The nice thing about the African Union Commission and the African Central Bank position is that they make the IMF and the World Bank look good. Africans are doing this. But there is a difference in this. If we do it with the IMF once we pay up we can get out but how are we going to move Senegal out of Africa if you are part of the Africa Monetary Union? The situation is very, very desperate. They want convergence criteria that will make structural change impossible. And they have Continental legitimacy. The new Pan-Africanism is neoliberal.

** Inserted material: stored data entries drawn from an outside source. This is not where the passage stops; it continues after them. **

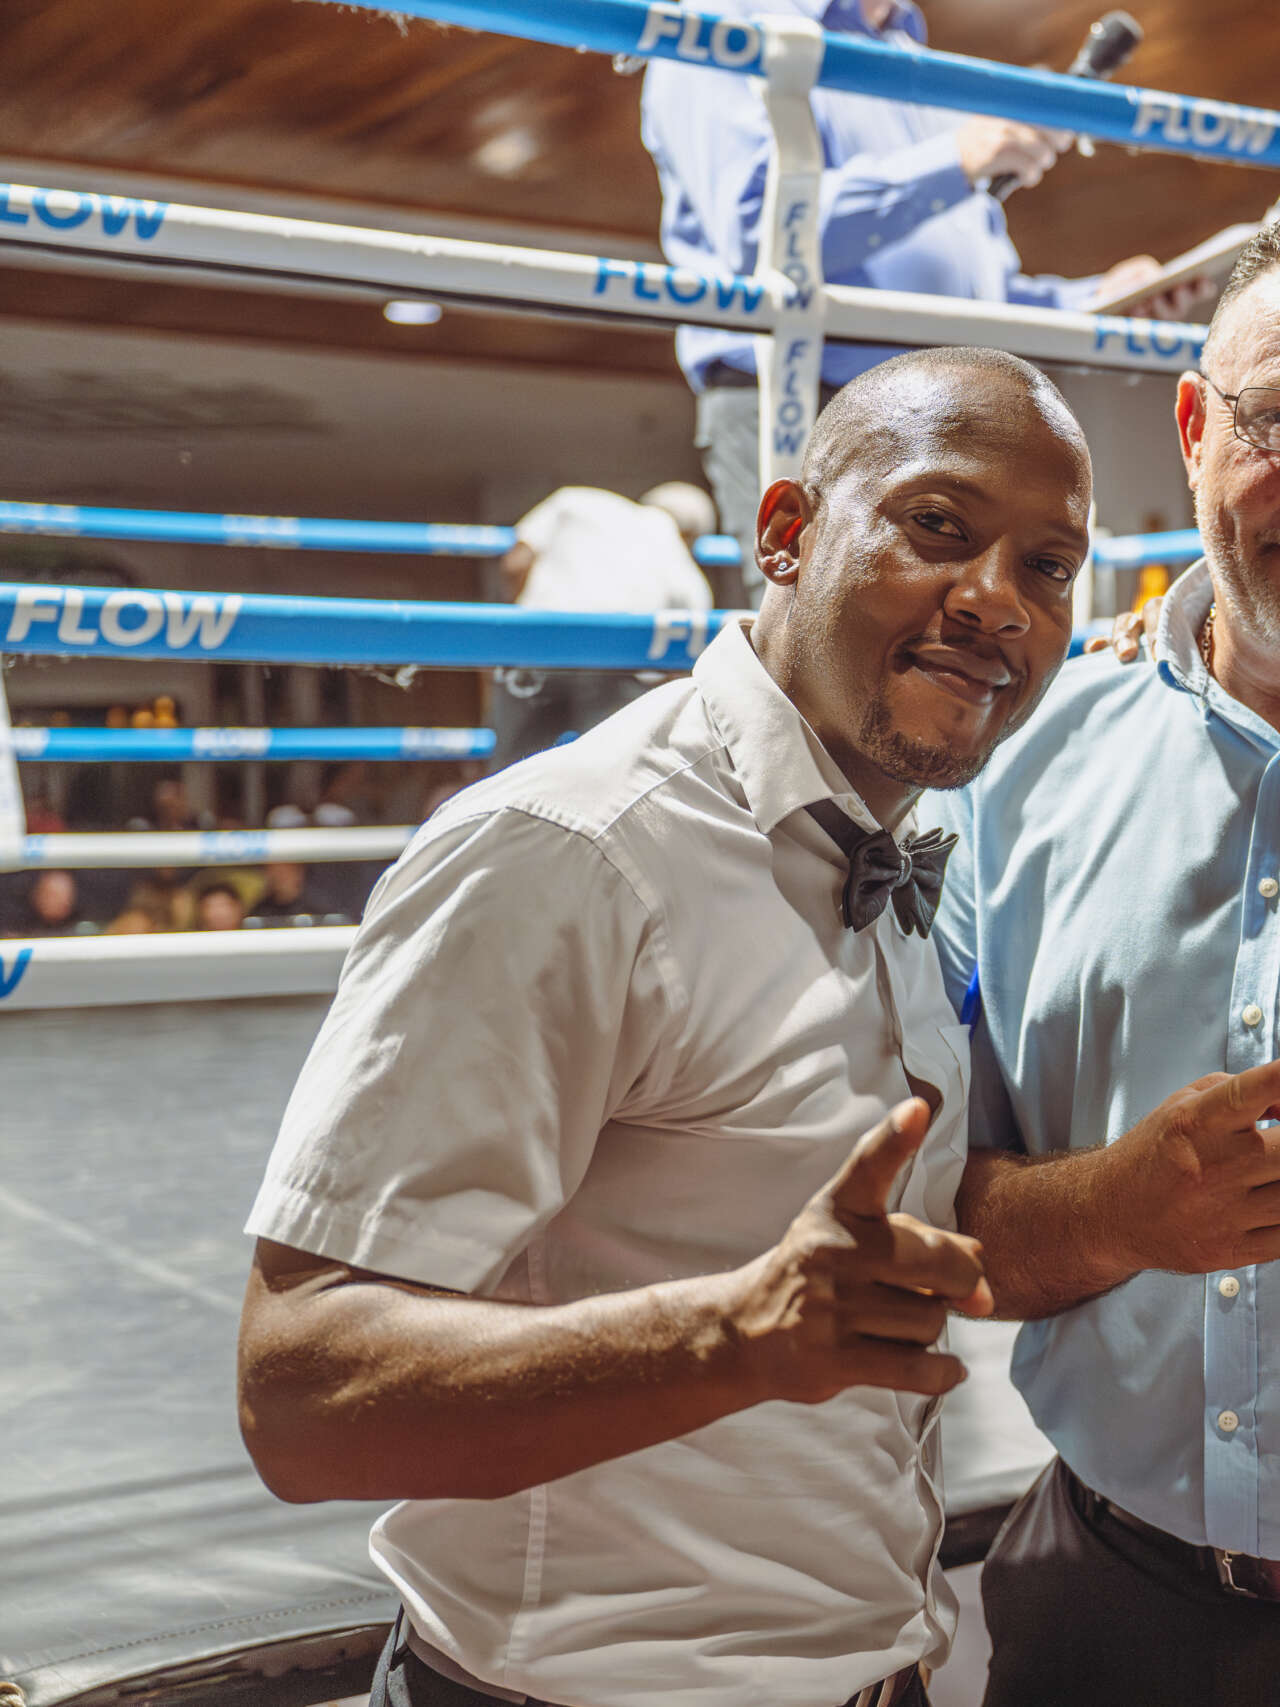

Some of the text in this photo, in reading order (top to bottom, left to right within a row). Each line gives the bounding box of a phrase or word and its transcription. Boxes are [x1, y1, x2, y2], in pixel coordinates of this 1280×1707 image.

[638, 5, 769, 67] FLO
[1131, 91, 1276, 154] FLOW
[0, 184, 168, 239] LOW
[594, 257, 765, 314] FLOW
[782, 202, 814, 310] FLOW
[774, 339, 807, 454] FLOW
[6, 586, 243, 649] FLOW
[648, 609, 709, 660] FL

Let’s talk about the North-South thing. We specialize in activities that known as diminishing return activities. That is mining and agriculture. After a certain point a needed input or resource is no longer available at the same quality or price. So if you start mining gold, it’s wonderful when it is 10 meters under the ground. When you are 4 kilometers under the ground, you keep putting in more capital to stand still and your R-to-I <Return on Investment> goes down – that is diminishing returns. Increasing returns are what the Chinese specialize in. They said we are not developing mining or agriculture. We’re going for increasing returns: as you expand production, costs go down. African countries are locked into specialization into diminishing returns. You exchange products whose cost goes up as you specialize for products that go down for manufactured goods. This is untenable. This is absolutely untenable. What we expect from the AU is concordance with Amin’s position. As well as, what’s the point of being united if you cannot stand up and say we are African? We are exceptional. We host the most number of LDCs <lesser developed countries> and we want exceptions in the World Bank or IMF Agreements and the WTO. If you are getting together and just partying in Addis, it is not good enough. We want African exceptionalism because we are poor. And we are poor because we have been made poor.
Samir Amin is more relevant than ever. May he rest in peace, may the Christians, may the Muslims, may the Hindus, all of us claim Samir Amin for ourselves.
LYNN FRIES: We have to leave it there. Thank you for your interest in this segment of GPEnewsdocs coming to you from Geneva, Switzerland.
RIAZ K. TAYOB is a researcher at the Southern & East African Institute (SEATINI) - South Africa chapter, a regional organization with offices also in Nairobi, Zimbabwe and Uganda. He holds a masters in law covering international trade law. Previously, he was the African correspondent for Third World Network in Geneva covering the World Trade Organization and the United Nations institutions.